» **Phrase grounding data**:
====

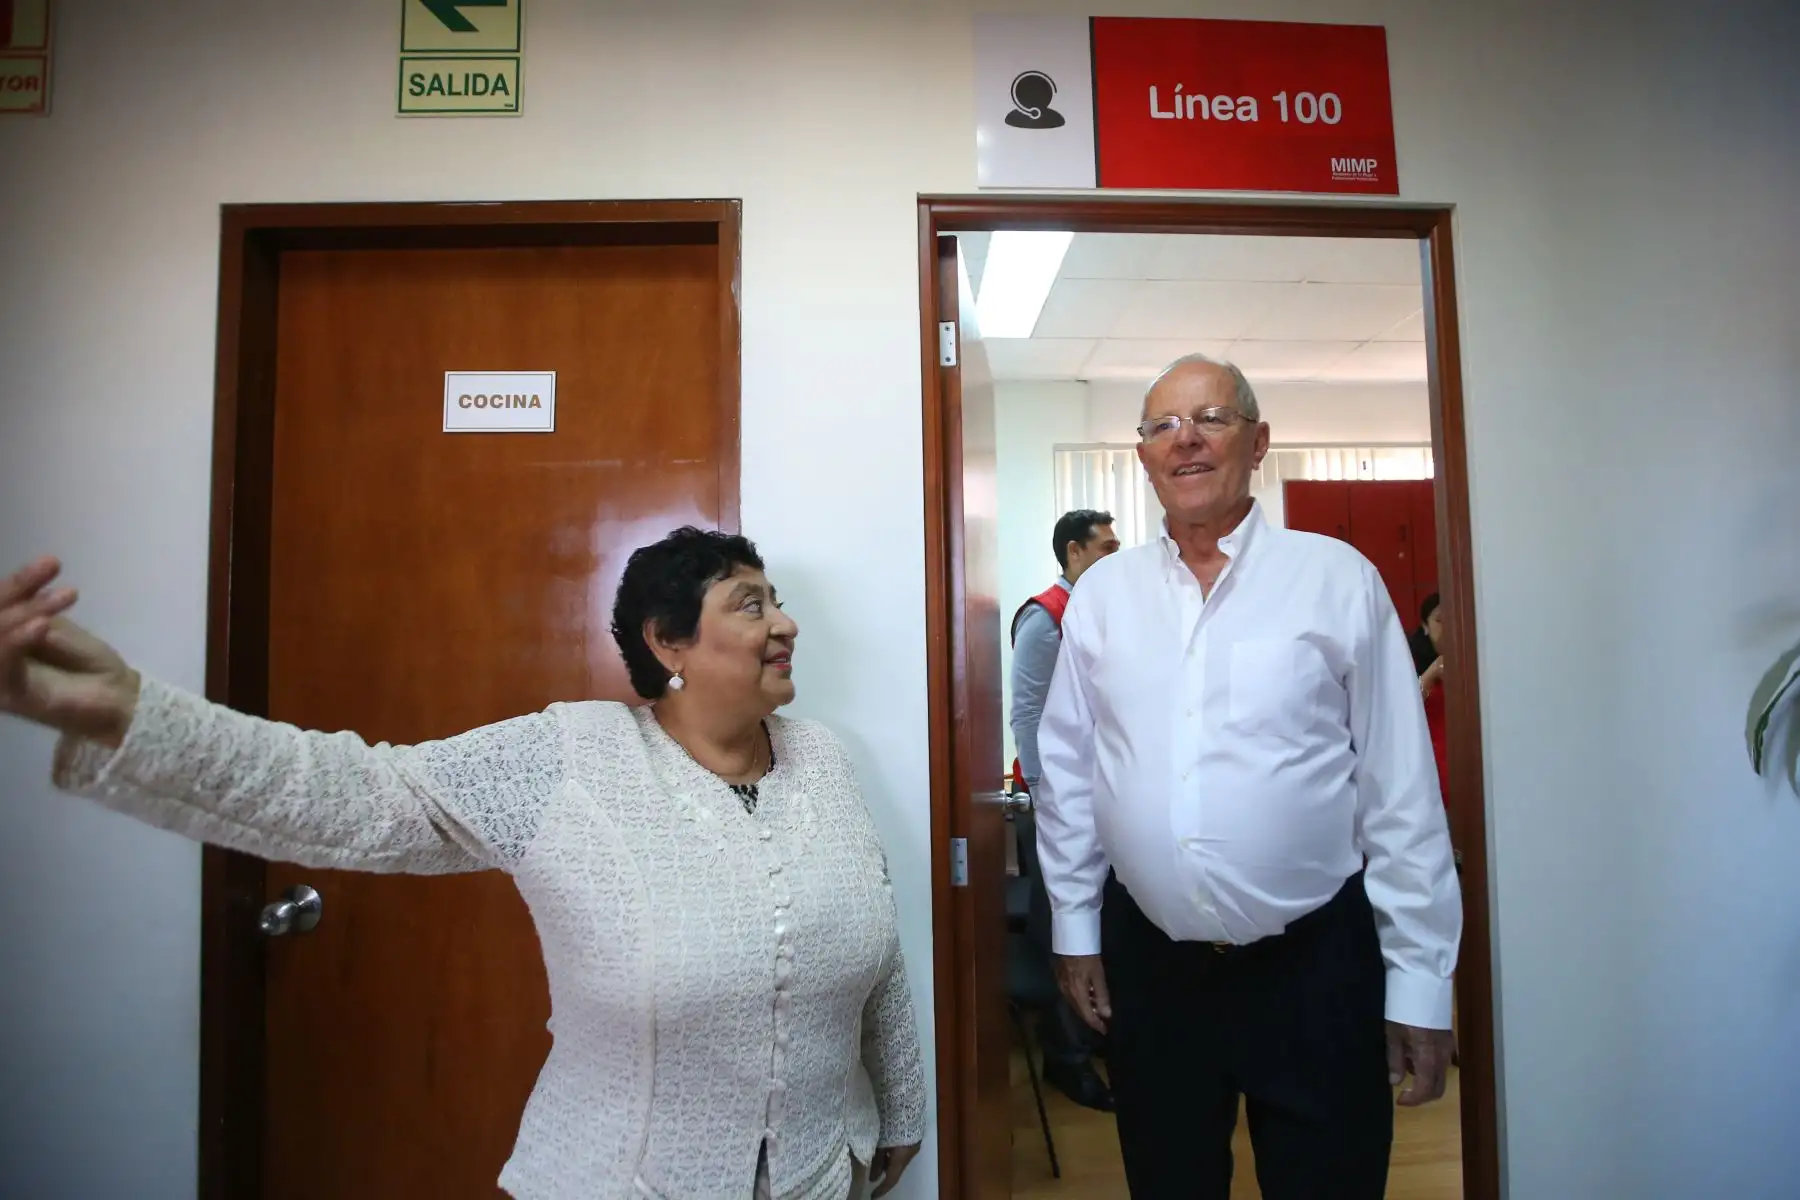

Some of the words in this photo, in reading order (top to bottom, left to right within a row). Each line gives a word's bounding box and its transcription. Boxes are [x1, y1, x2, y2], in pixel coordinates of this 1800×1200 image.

[409, 73, 510, 96] SALIDA
[1149, 83, 1258, 121] Línea
[1272, 91, 1342, 124] 100
[1331, 157, 1378, 173] MIMP
[458, 394, 542, 409] COCINA
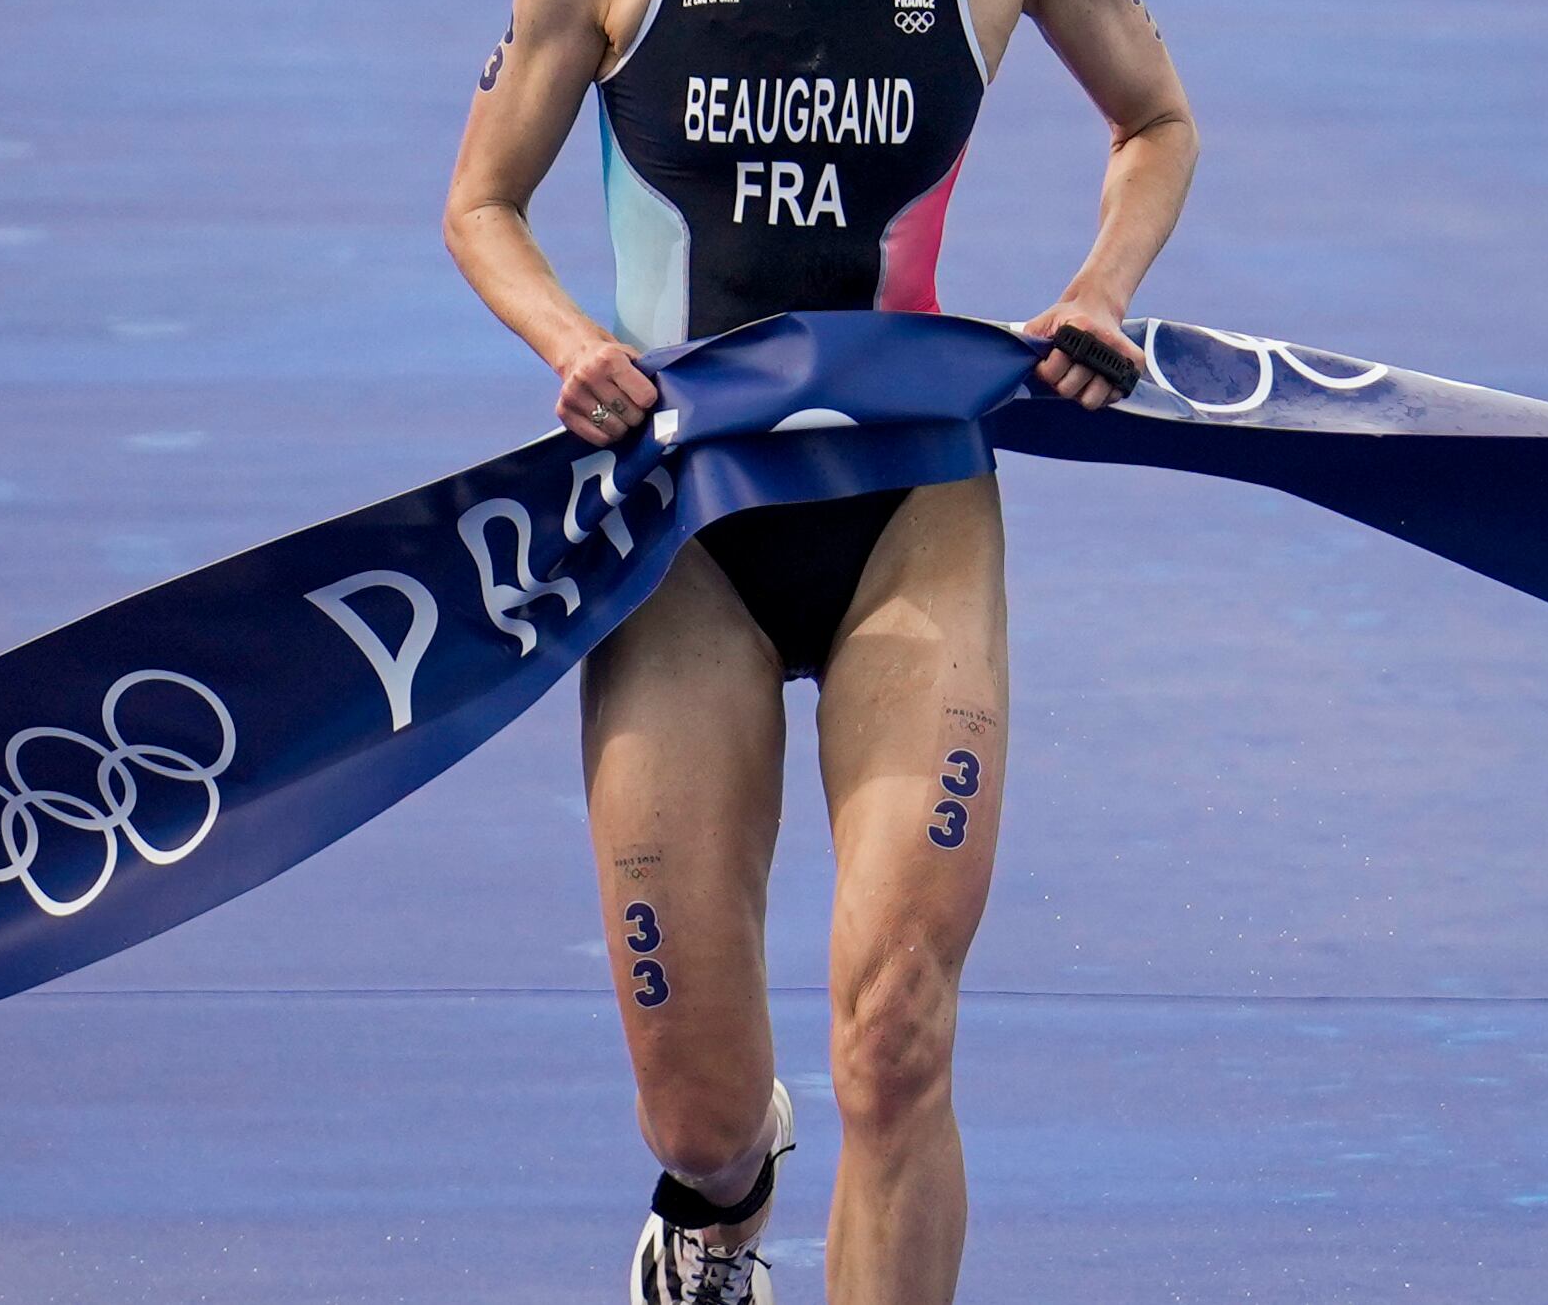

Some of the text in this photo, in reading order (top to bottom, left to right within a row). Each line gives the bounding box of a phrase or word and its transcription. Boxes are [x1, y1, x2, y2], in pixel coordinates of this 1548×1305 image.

[684, 76, 915, 145] BEAUGRAND
[733, 161, 847, 228] FRA
[303, 400, 680, 732] PAR
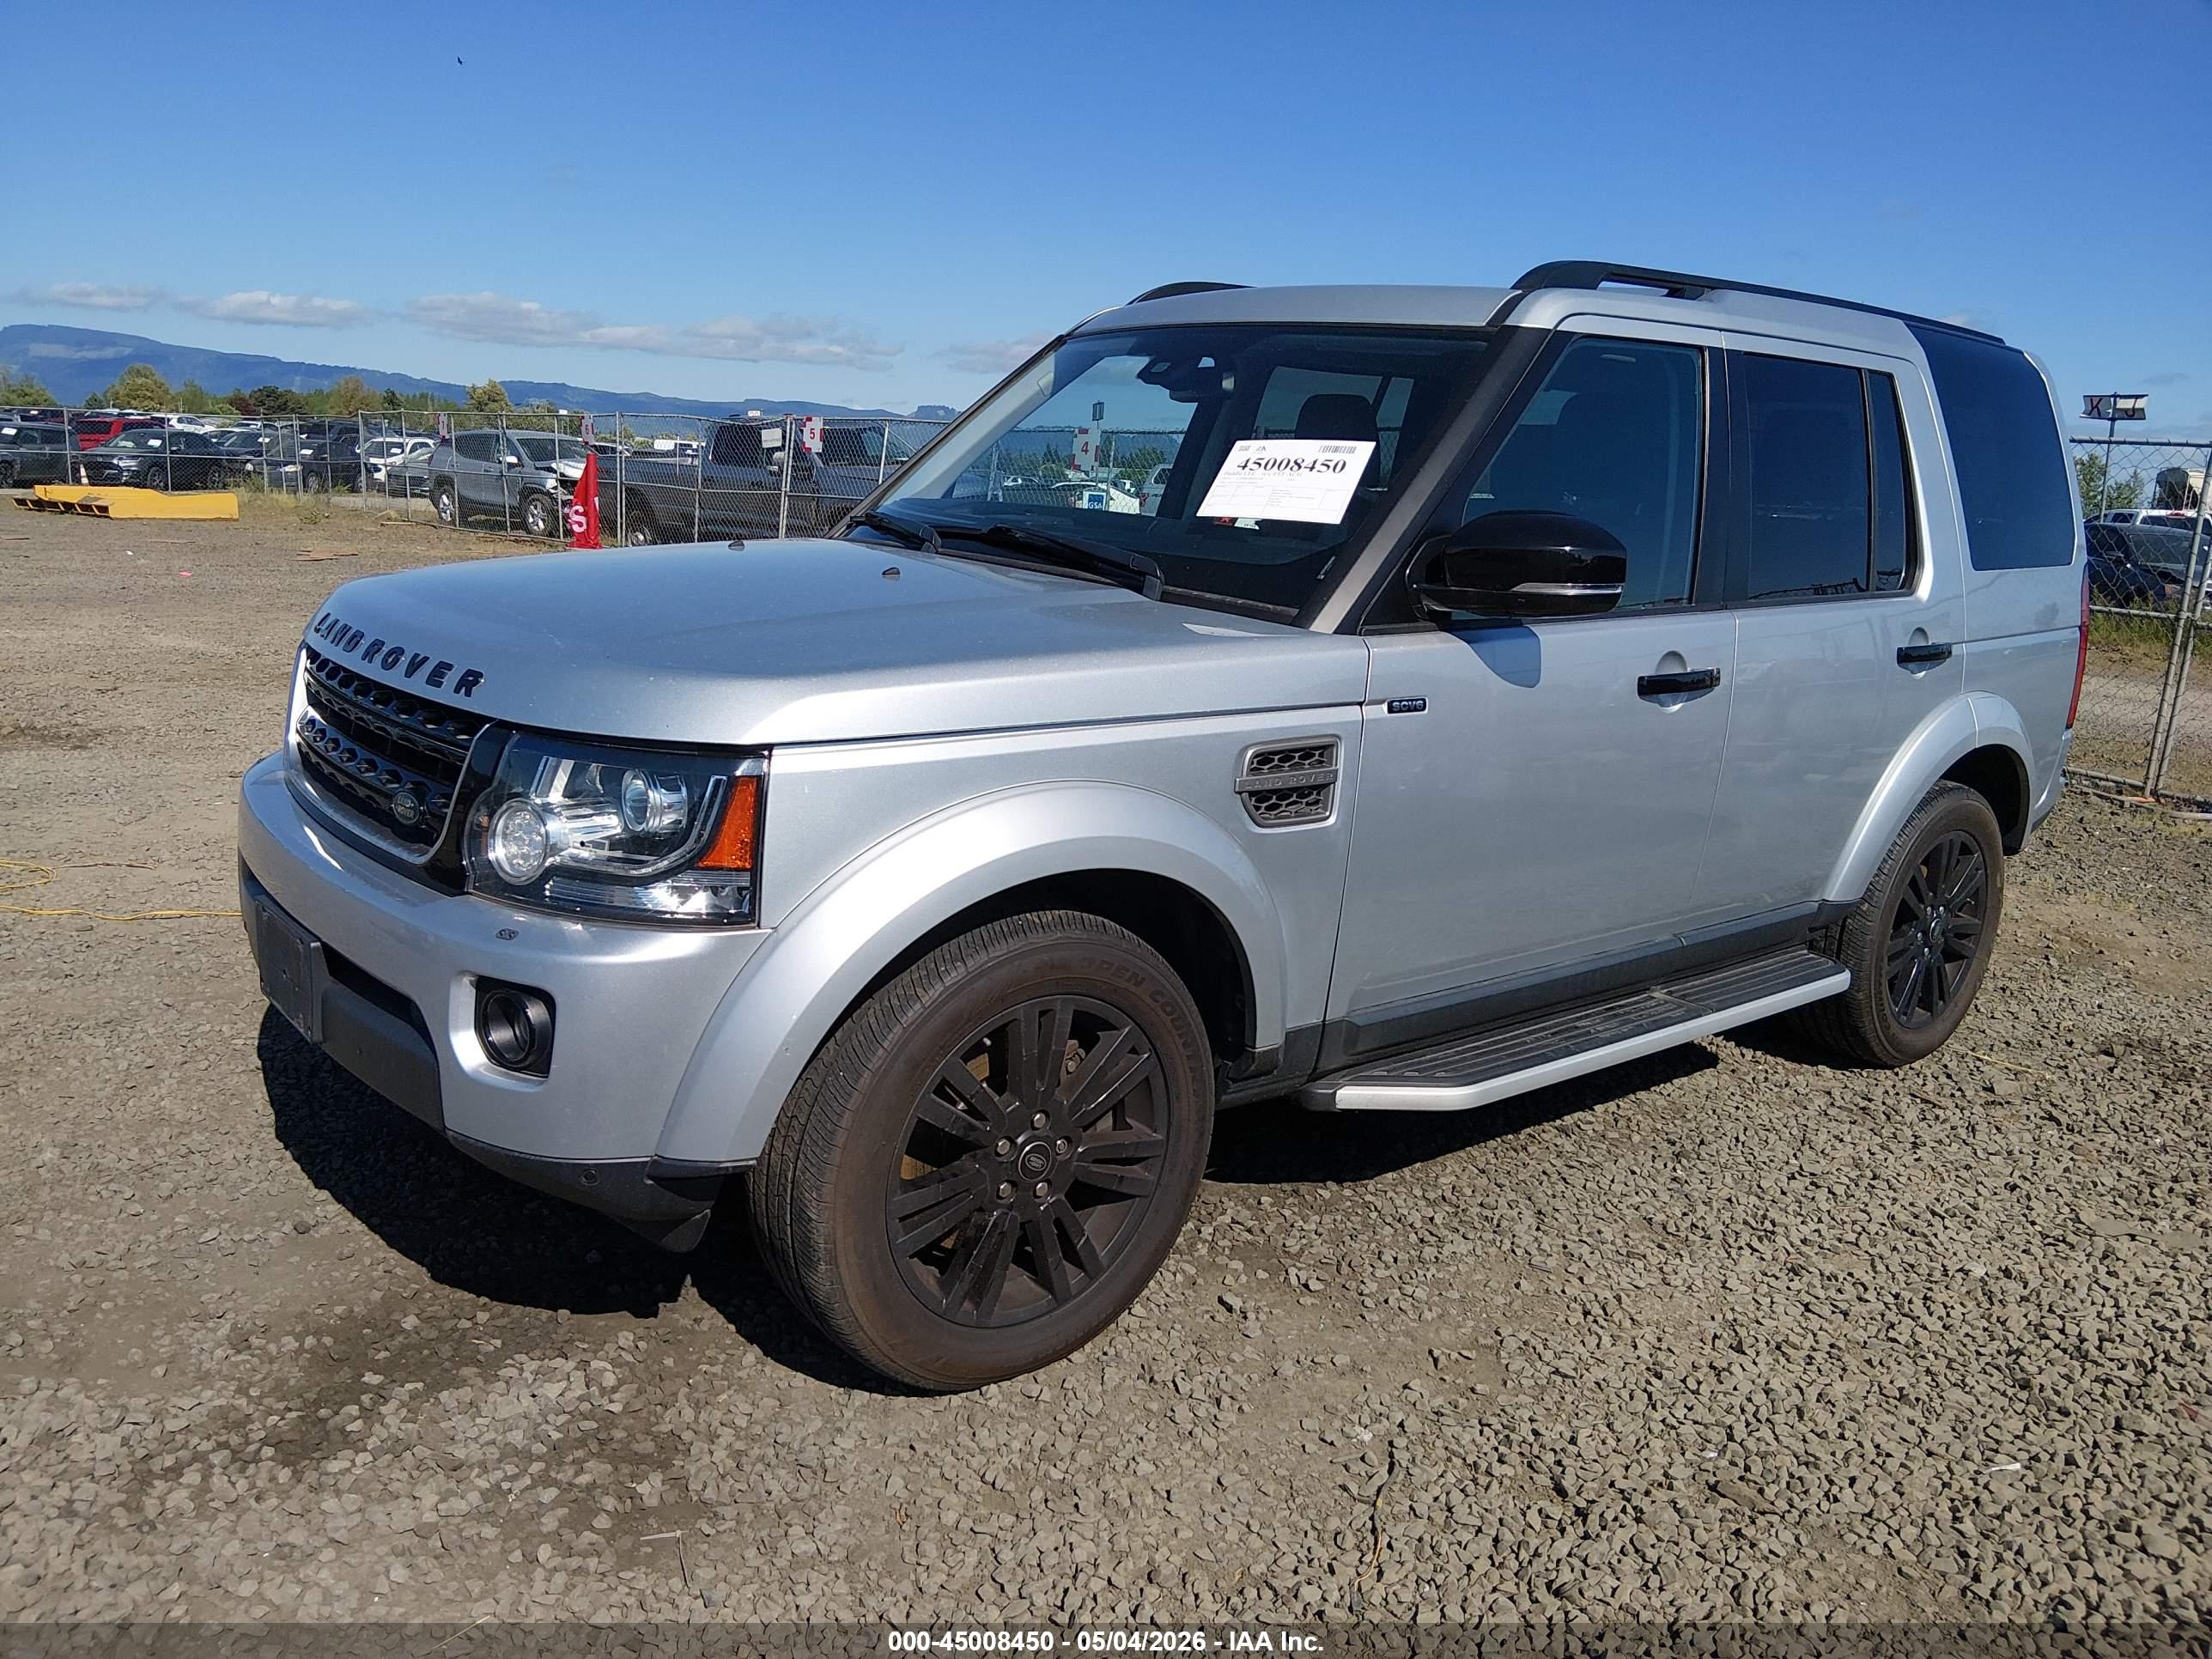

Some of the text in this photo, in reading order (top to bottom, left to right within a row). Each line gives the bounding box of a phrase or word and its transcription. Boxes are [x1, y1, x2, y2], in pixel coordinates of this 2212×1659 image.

[2087, 398, 2102, 417] K
[2125, 398, 2137, 417] J
[585, 424, 590, 434] 6
[810, 428, 816, 440] 5
[1081, 441, 1090, 455] 4
[1237, 457, 1347, 474] 45008450
[569, 505, 587, 533] S
[313, 612, 484, 698] LAND ROVER
[1392, 700, 1425, 712] SCV6
[1245, 773, 1334, 790] LAND ROVER

====

» **TASK PROMPT**: Reproduce each line above exactly, but not a single picture.

» **ANSWER FOR THIS EXERCISE**:
Some of the words in this photo, in reading order (top to bottom, left to right within a row). Each line gives a word's bounding box and its transcription. Boxes are [x1, y1, x2, y2], in pixel coordinates of this 1800×1200 image.

[409, 73, 510, 96] SALIDA
[1149, 83, 1258, 121] Línea
[1272, 91, 1342, 124] 100
[1331, 157, 1378, 173] MIMP
[458, 394, 542, 409] COCINA

Some of the text in this photo, in reading order (top to bottom, left to right within a row). Each line gives the bounding box of a phrase or word and its transcription. Boxes are [x1, y1, x2, y2], in pixel coordinates of this 1548×1305 image.

[684, 76, 915, 145] BEAUGRAND
[733, 161, 847, 228] FRA
[303, 400, 680, 732] PAR

Some of the text in this photo, in reading order (top to bottom, left to right within a row). Each line gives the bounding box of a phrase or word and its transcription. Boxes are [x1, y1, x2, y2], in pixel coordinates of this 2212×1659 image.

[2087, 398, 2102, 417] K
[2125, 398, 2137, 417] J
[585, 424, 590, 434] 6
[810, 428, 816, 440] 5
[1081, 441, 1090, 455] 4
[1237, 457, 1347, 474] 45008450
[569, 505, 587, 533] S
[313, 612, 484, 698] LAND ROVER
[1392, 700, 1425, 712] SCV6
[1245, 773, 1334, 790] LAND ROVER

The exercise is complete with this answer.